週刊化した『スピリッツ』と、月二回刊が交互に出る『ビッグコミック』との違い
鳥嶋氏:
『美味しんぼ』が生まれたことで、『スピリッツ』の雑誌としての柱が1本、立ちましたよね。
白井氏:
『美味しんぼ』と、それから『めぞん一刻』【※】だよね。
※『美味しんぼ』と、それから『めぞん一刻』
実際の連載開始時期は、『めぞん一刻』が1980年開始、『美味しんぼ』が1983年開始で、『めぞん一刻』のほうが先にスタートしている。
鳥嶋氏:
『めぞん一刻』の高橋留美子さんは、どうやって引っ張ってきたんですか?
白井氏:
高橋さんは『サンデー』の頃から知ってるから。
鳥嶋氏:
だけど『サンデー』の大黒柱じゃないですか。よく『サンデー』がオッケーしましたよね。
白井氏:
あれは感謝ですよね。『めぞん一刻』って、今でも青春漫画の金字塔みたいなものですから。それで柱ができて、ようやく動き出して、月二回刊から週刊化という。
その当時は自分もギンギンに元気だった頃だから、二晩や三晩徹夜したってどうってことはなくて。ソファーに寝っ転がれば、それでおしまいですから会社が家みたいなものですよ。

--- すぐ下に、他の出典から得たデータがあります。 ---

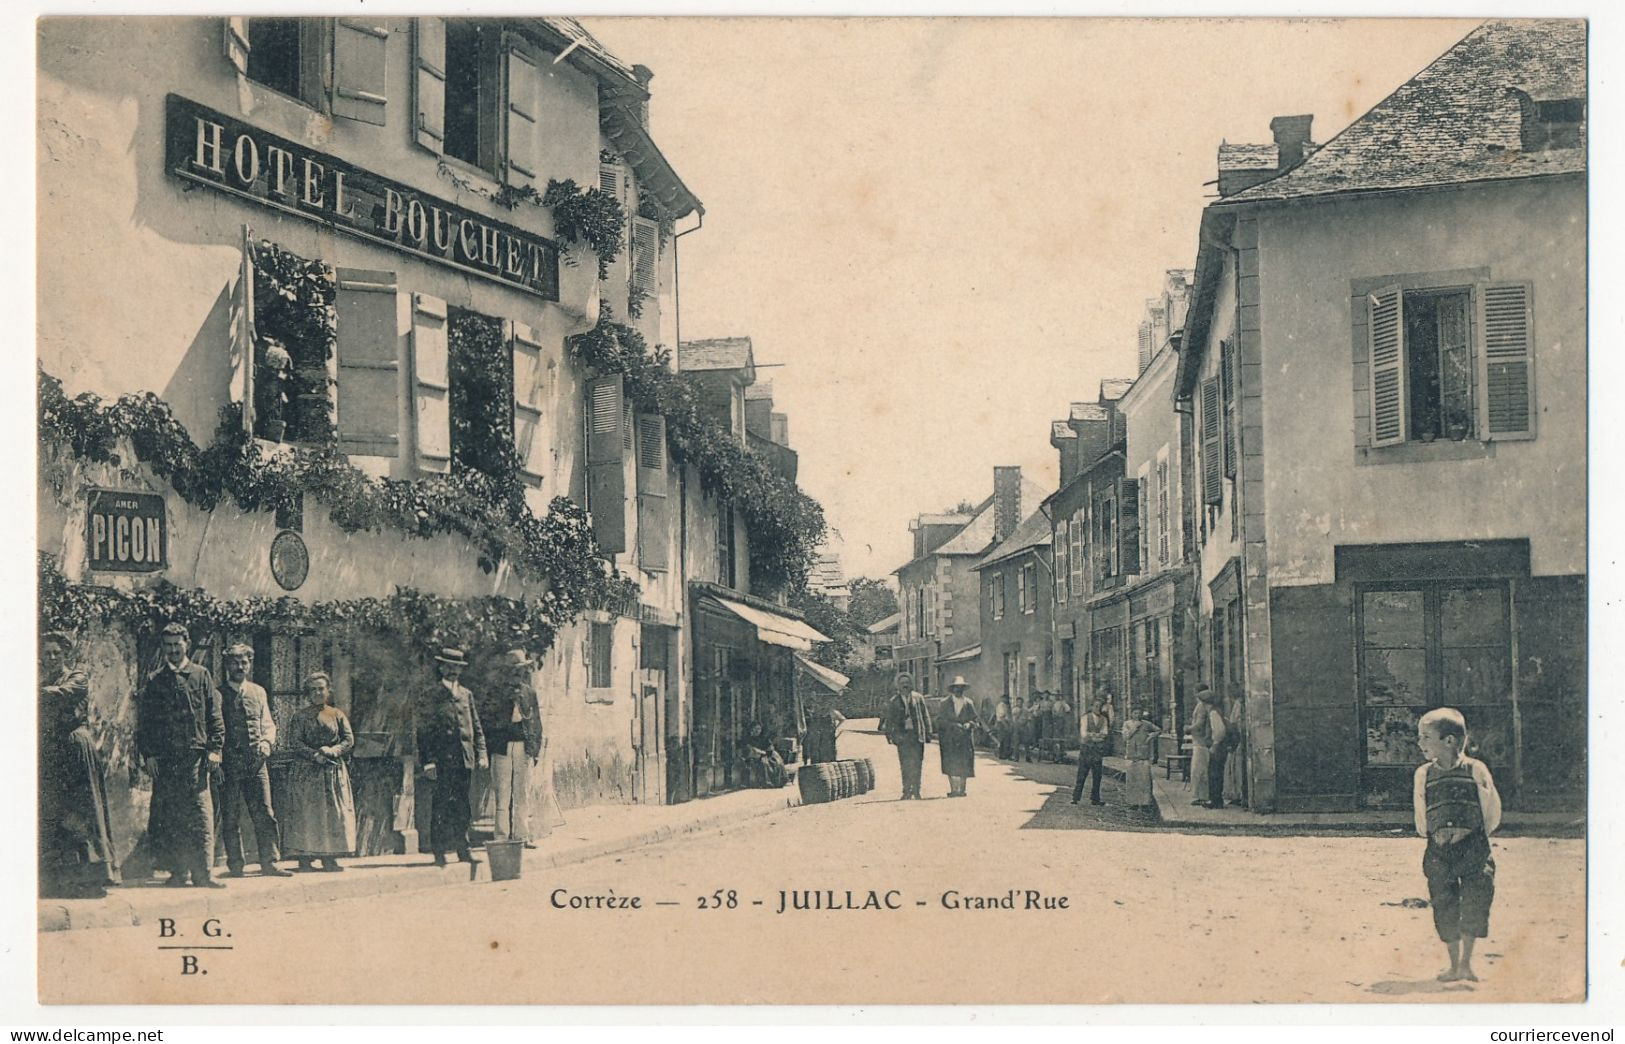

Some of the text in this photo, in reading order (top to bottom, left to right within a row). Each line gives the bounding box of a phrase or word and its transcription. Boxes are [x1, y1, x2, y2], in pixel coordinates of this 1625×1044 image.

[192, 117, 546, 283] HOTEL BOUCHET
[115, 499, 139, 510] AMER
[92, 513, 161, 563] PICON

しまいには「週二回刊をやるか!」みたいなことまで言い出して(笑)。月曜発売と金曜発売で。
鳥嶋氏:
またまた、調子に乗って(笑)。
白井氏:
当時はそのぐらい元気があったわけよ。
鳥嶋氏:
その頃は不死身な感じがしたんですね。
白井氏:
そうそう。音羽【※1】には、『モーニング』に栗原良幸さん【※2】がいたから。栗原さんは「栗原天皇」と言われて、僕にはそういう尊称はついてないんだけど、ライバル誌として『モーニング』対『スピリッツ』という構図になっていて。すごく部数も伸びて、いちばん良い時でどれぐらいいったのかな。150〜160万部ぐらいかな。
※1 音羽
東京都文京区音羽に講談社があることから、講談社やそのグループ企業である光文社のことを指す。ちなみに小学館や集英社は、同じく本社の住所(東京都千代田区一ツ橋)から「一ツ橋」と呼ばれている。
※2 栗原良幸
『週刊少年マガジン』の編集者として、手塚治虫氏の『三つ目がとおる』などを担当。『月刊少年マガジン』編集長を経て、1982年に週刊『モーニング』、1986年に月刊『アフタヌーン』をそれぞれ創刊。『モーニング』では1998年までの16年間、編集長を務め続けた。
鳥嶋氏:
150万部は超えてたでしょう。
白井氏:
そこが最高部数かな。
でも『スピリッツ』は週刊化したけど、『ビッグコミック』は週刊にしないで、代わりに『ビッグコミックオリジナル』を出したってことが、上手かったよね。
鳥嶋氏:
月二回刊の雑誌を交互に出して。
白井氏:
だから『オリジナル』と『ビッグ』を足せば週刊誌になる。コンセプトを少し変えてね。
『オリジナル』は超娯楽作。『あぶさん』があり『浮浪雲』があり、バロン吉元の『どん亀野郎』とか、エンターテインメントに徹した作品が『オリジナル』で。『ビッグ』は白土三平さんがいたりするから、少し考えさせる作品が多くて。
鳥嶋氏:
『オリジナル』が東芝日曜劇場で、『ビッグ』がNHKのドラマみたいな。
白井氏:
そうそう。
『ビッグコミック』は、漫画版の『オール讀物』を作ろうって気で作った雑誌なんです。
鳥嶋氏:
そうなんですか。
白井氏:
『ビッグ』の創刊当時は、小説が少しずつ落ち目になっていて。中間小説で言えば、『オール讀物』とか『小説現代』とかは、30万部ぐらい部数が落ちていって。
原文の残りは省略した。